A painting or a photograph that attempts to render a scene, whether a landscape, still life or portrait is a frozen approximation.

It is not how the world is really experienced.

We scan a scene with our eyes, the constantly fluctuating light and movement creating an ever changing tableau we couldn’t possibly keep up with.  Movement is pieced together, time is knitted into a flowing substance in our brains. We project our memories expectations, hopes and fears on to a scene. We fill in the blanks left by our blind spot and poor peripheral vision and our limited perspectives with projections of what we think (or worse, hope) is there.

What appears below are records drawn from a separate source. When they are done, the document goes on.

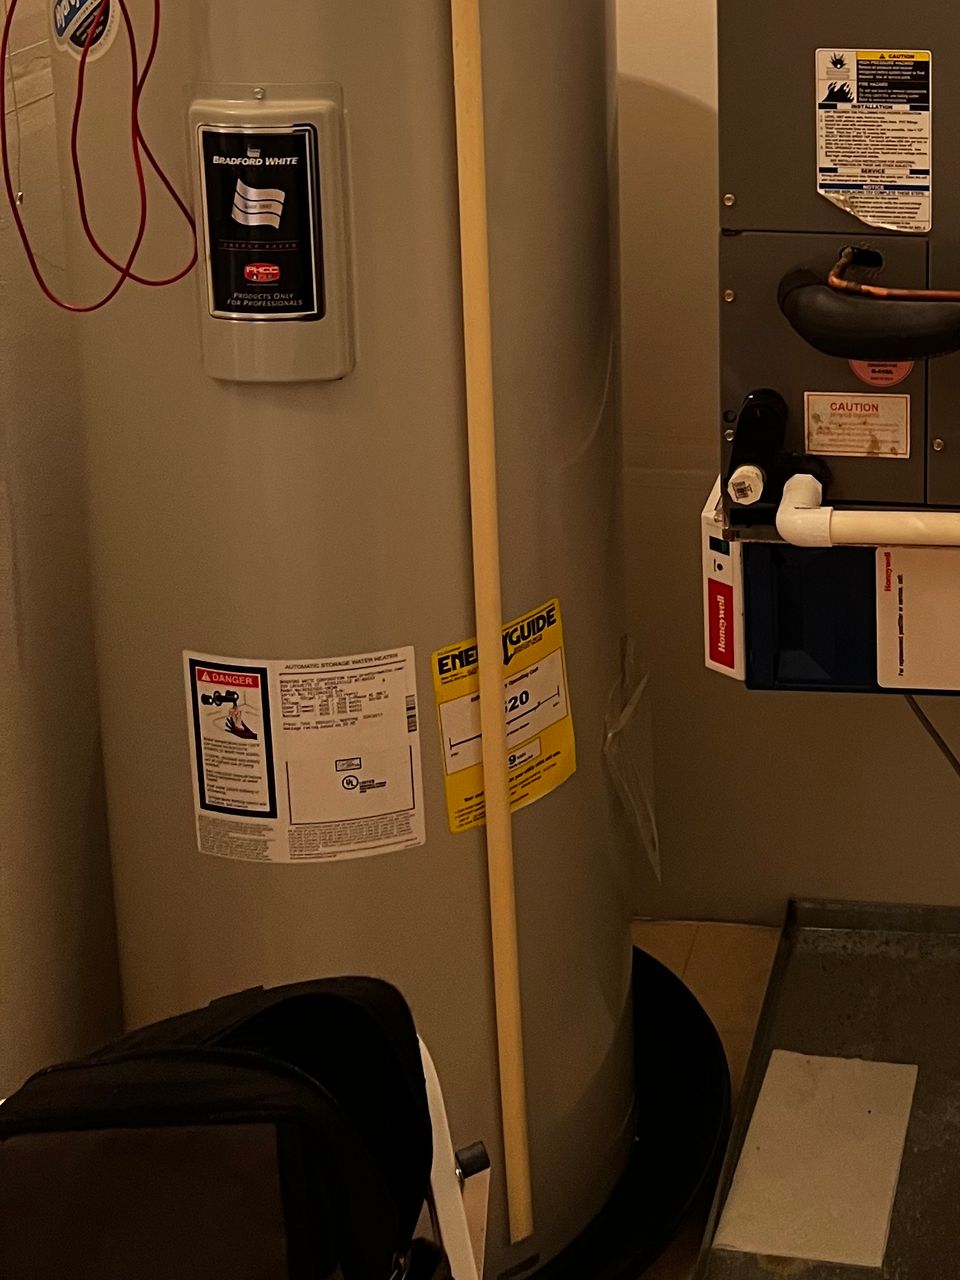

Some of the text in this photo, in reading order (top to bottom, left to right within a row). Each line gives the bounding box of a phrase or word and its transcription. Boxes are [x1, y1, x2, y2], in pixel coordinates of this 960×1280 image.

[212, 155, 299, 166] BRADFORD WHITE
[246, 265, 280, 274] PHCC
[233, 291, 294, 300] PRODUCTS ONLY
[227, 298, 303, 308] FOR PROFESSIONALS
[830, 402, 879, 412] CAUTION
[884, 551, 893, 592] Honeywell
[717, 595, 728, 653] Honeywell
[320, 660, 350, 669] STORAGE
[351, 657, 373, 665] WATER
[374, 653, 398, 662] HEATER
[212, 673, 253, 685] DANGER
[505, 690, 530, 713] 20
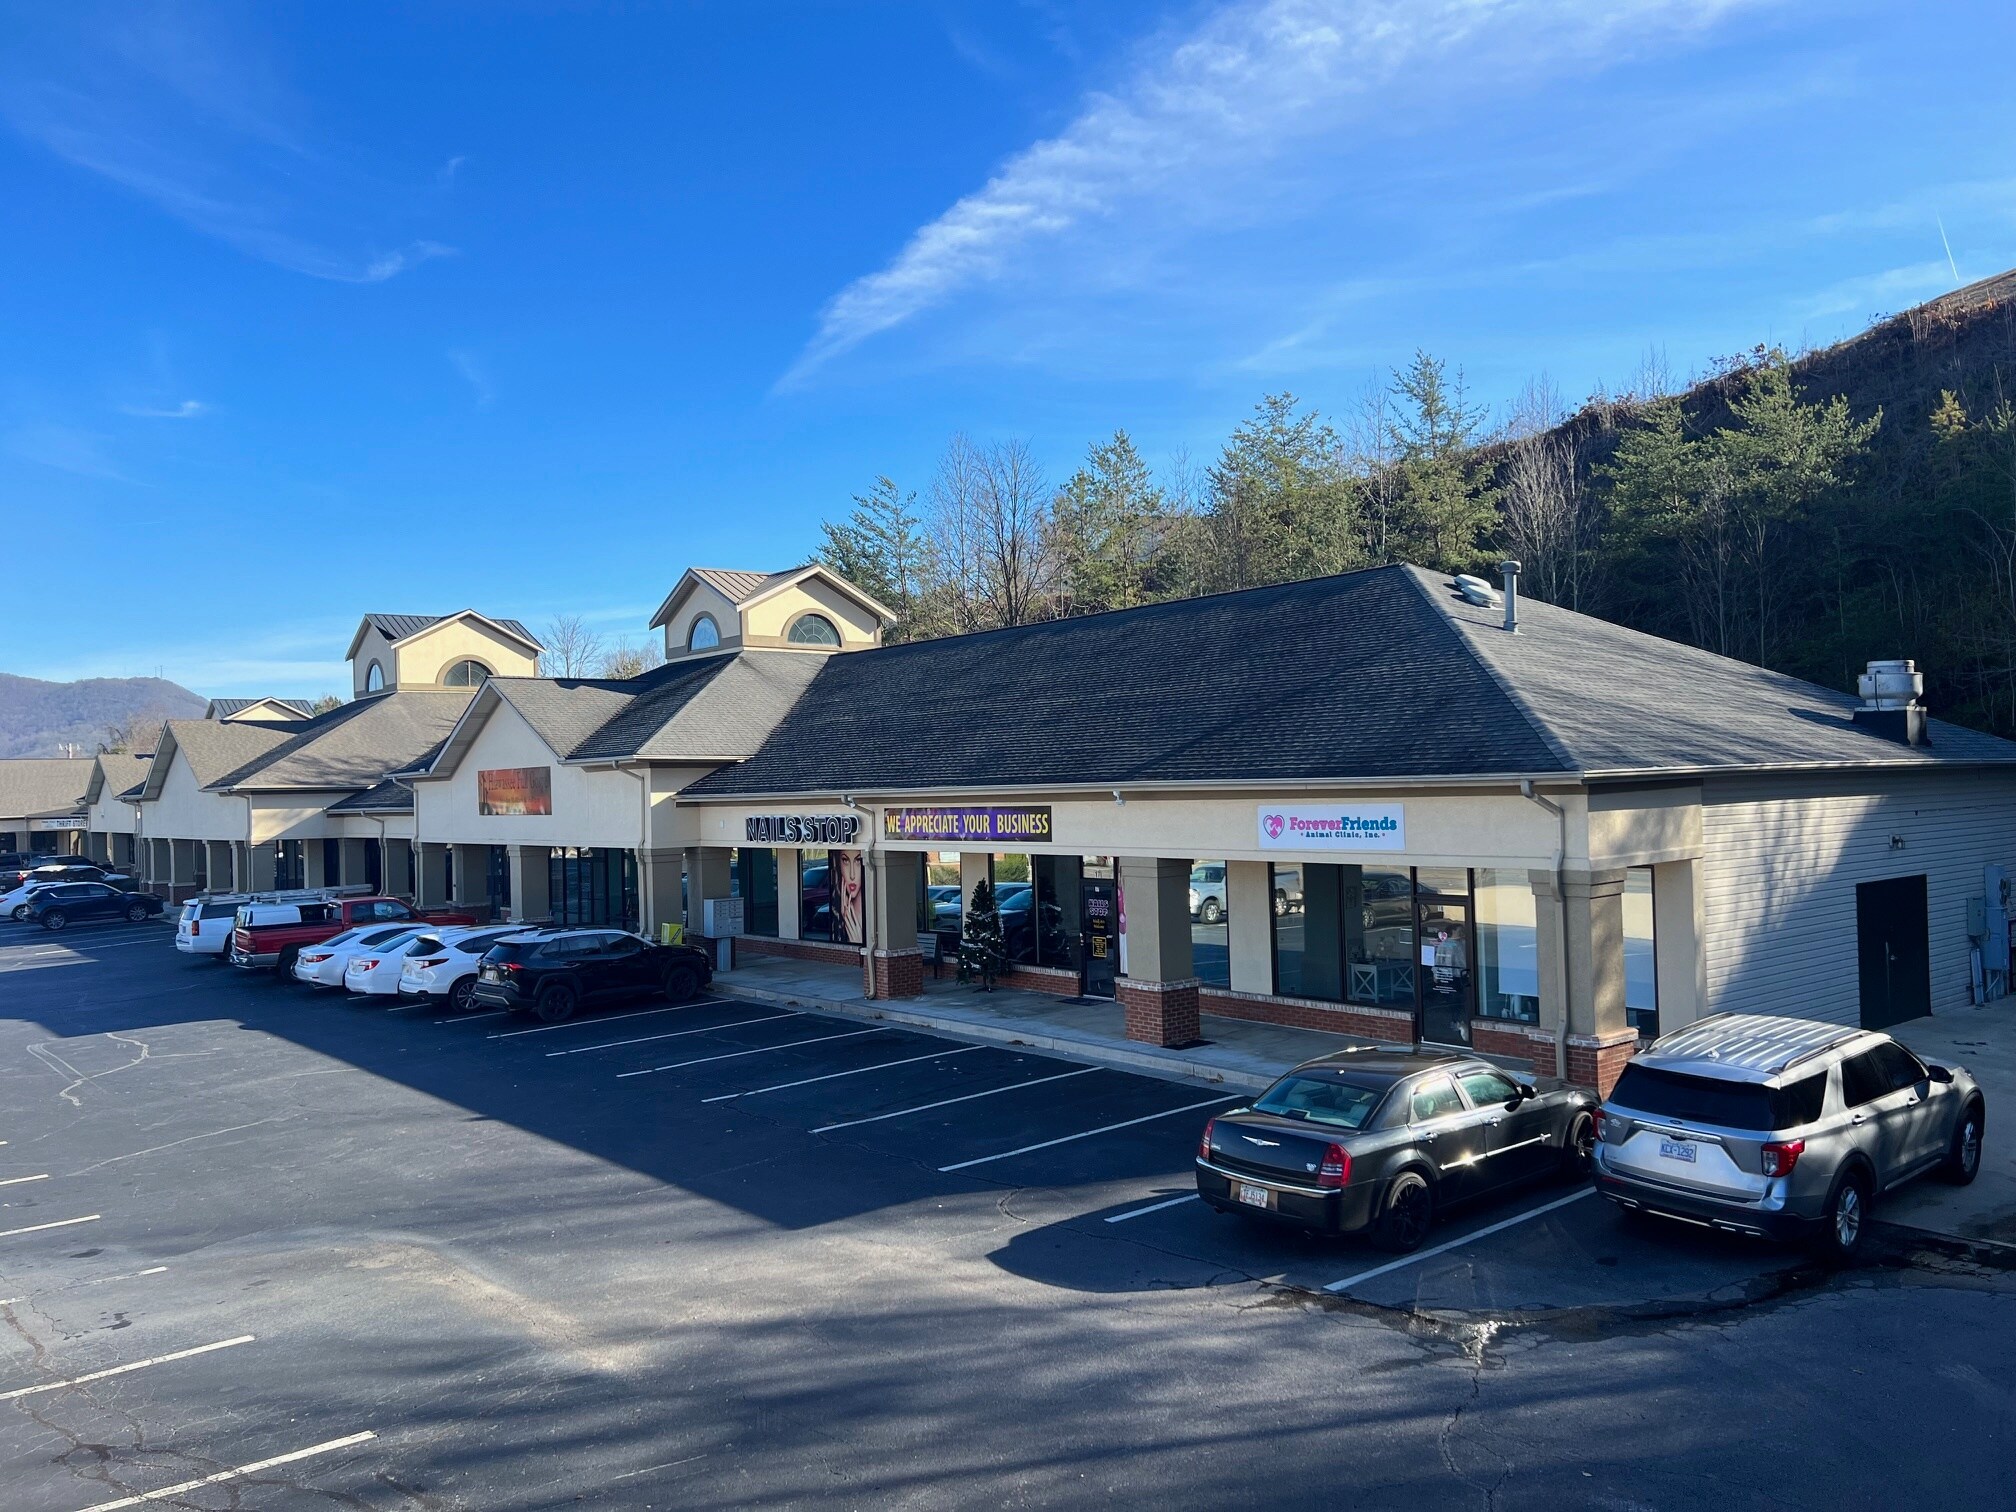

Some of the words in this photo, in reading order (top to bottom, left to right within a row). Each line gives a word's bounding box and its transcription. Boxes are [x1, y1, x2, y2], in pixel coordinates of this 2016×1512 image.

[746, 816, 802, 842] NAILS
[803, 815, 859, 844] STOP
[887, 816, 900, 832] WE
[905, 815, 959, 833] APPRECIATE
[963, 814, 990, 833] YOUR
[997, 814, 1049, 833] BUSINESS
[1088, 899, 1109, 908] NAILS
[1089, 907, 1109, 916] STOP
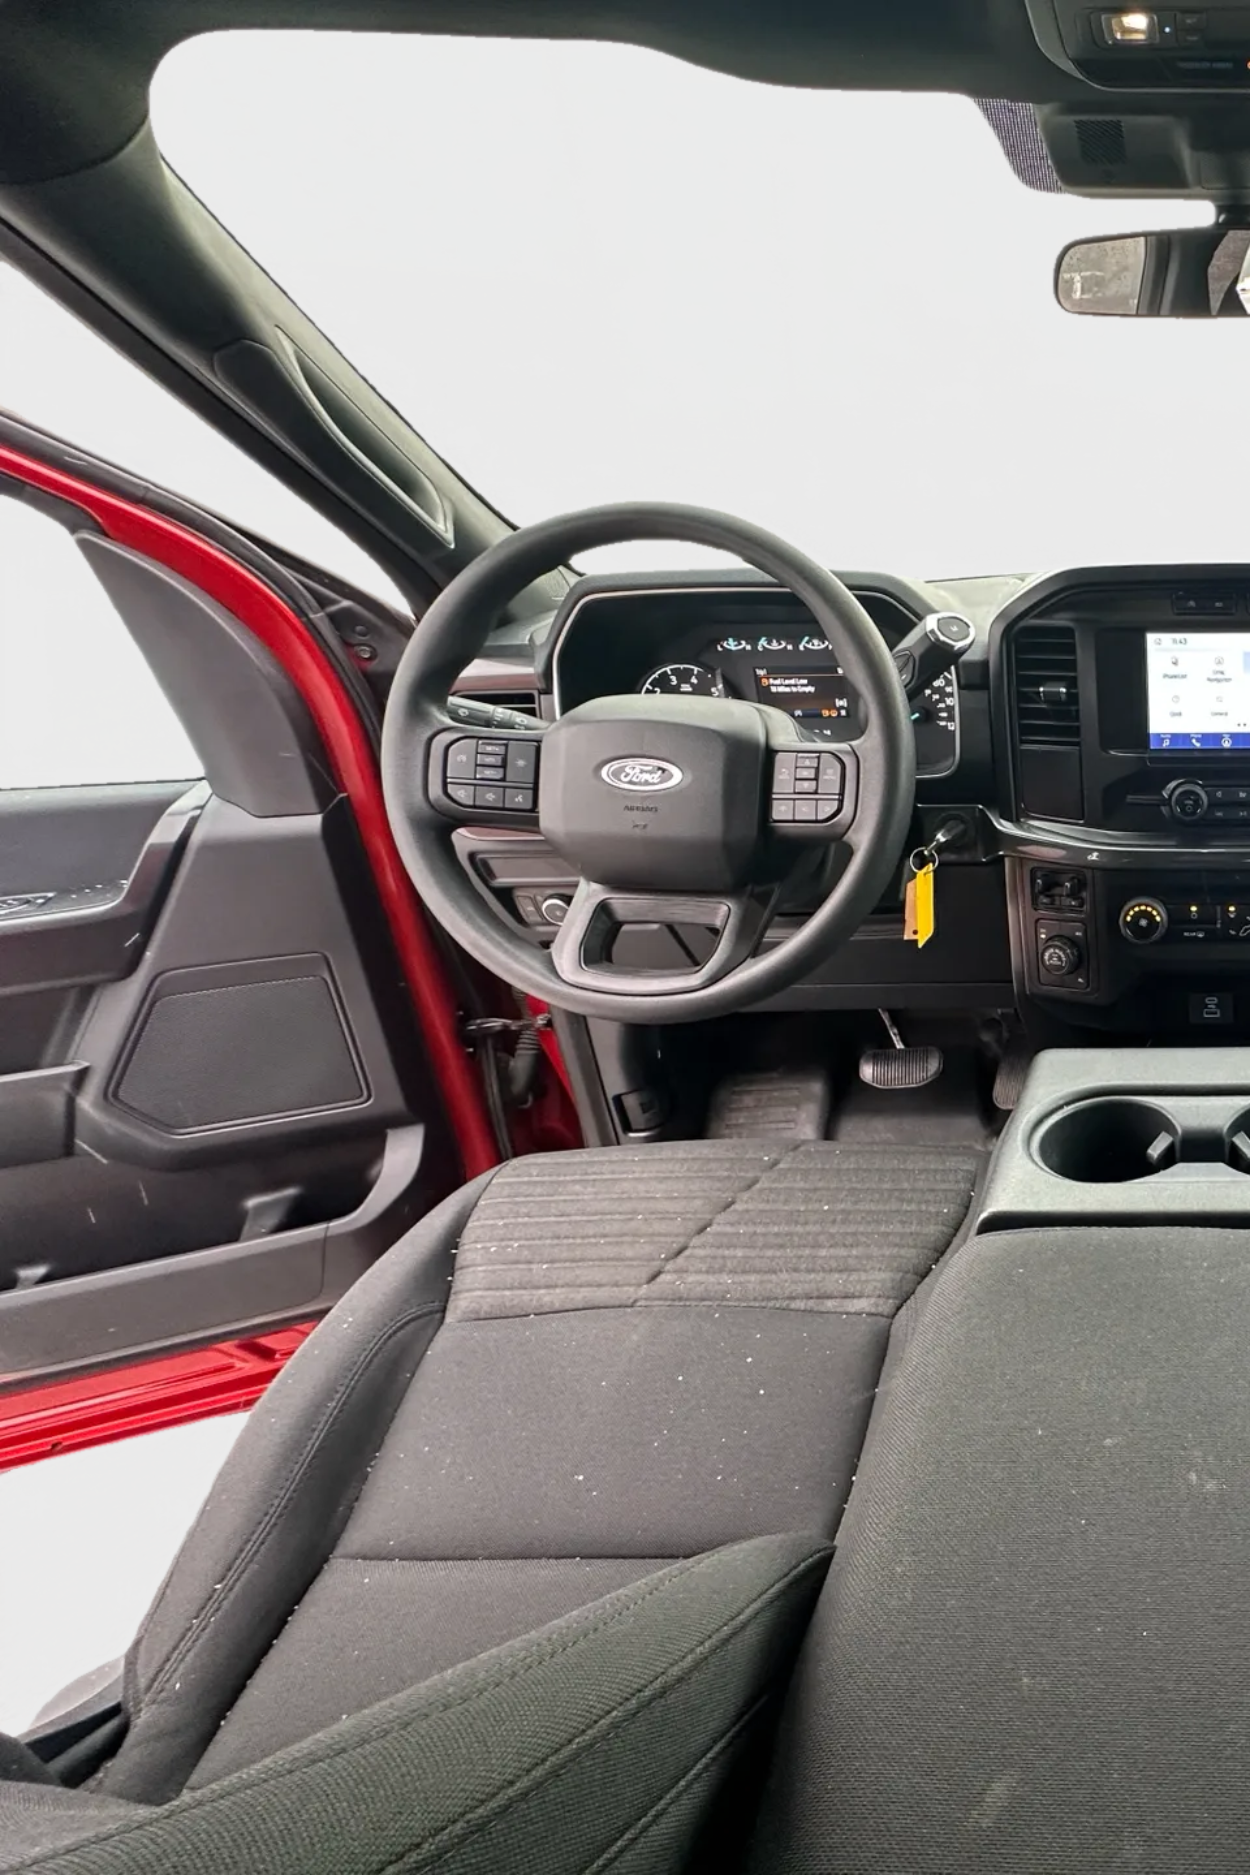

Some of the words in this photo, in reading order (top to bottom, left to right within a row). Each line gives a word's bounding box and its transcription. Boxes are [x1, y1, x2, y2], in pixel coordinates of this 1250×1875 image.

[669, 675, 677, 685] 3
[690, 675, 698, 684] 4
[711, 687, 719, 696] 5
[620, 765, 662, 783] Ford

What you experience in the conscious mind, that is, the words you might say to yourself about a scene, or the efforts you might make as an artist trying to paint or photograph the scene to “capture” it, are the tip of the iceberg.  A third of your brain was used integrating and evaluating the energy changes your eyes sensed into a “coherent” narrative that became those words and perception and “conscious” awareness of the scene. Just the tip of the brain iceberg.

You reify the scene.

Western artists who are interested in rendering a scene have attempted to capture the ever changing barely imperceptible fluctuations of energy that are shared with total intimacy between what we classify out of convenience into perceived and perceiver to re-create a scene that in a sense never existed.

That’s why in a recent film “Tim’s Vermeer” they speculated on how the artist Vermeer got his effects with mirrors (magic is always done with mirrors!), gimmicks they say he needed because the human eye does not see a scene how he painted it. Whether they are right or not about his gimmicks, Vermeer’s genius was to transcend how we usually see and transcribe that visual experience on to a painted surface.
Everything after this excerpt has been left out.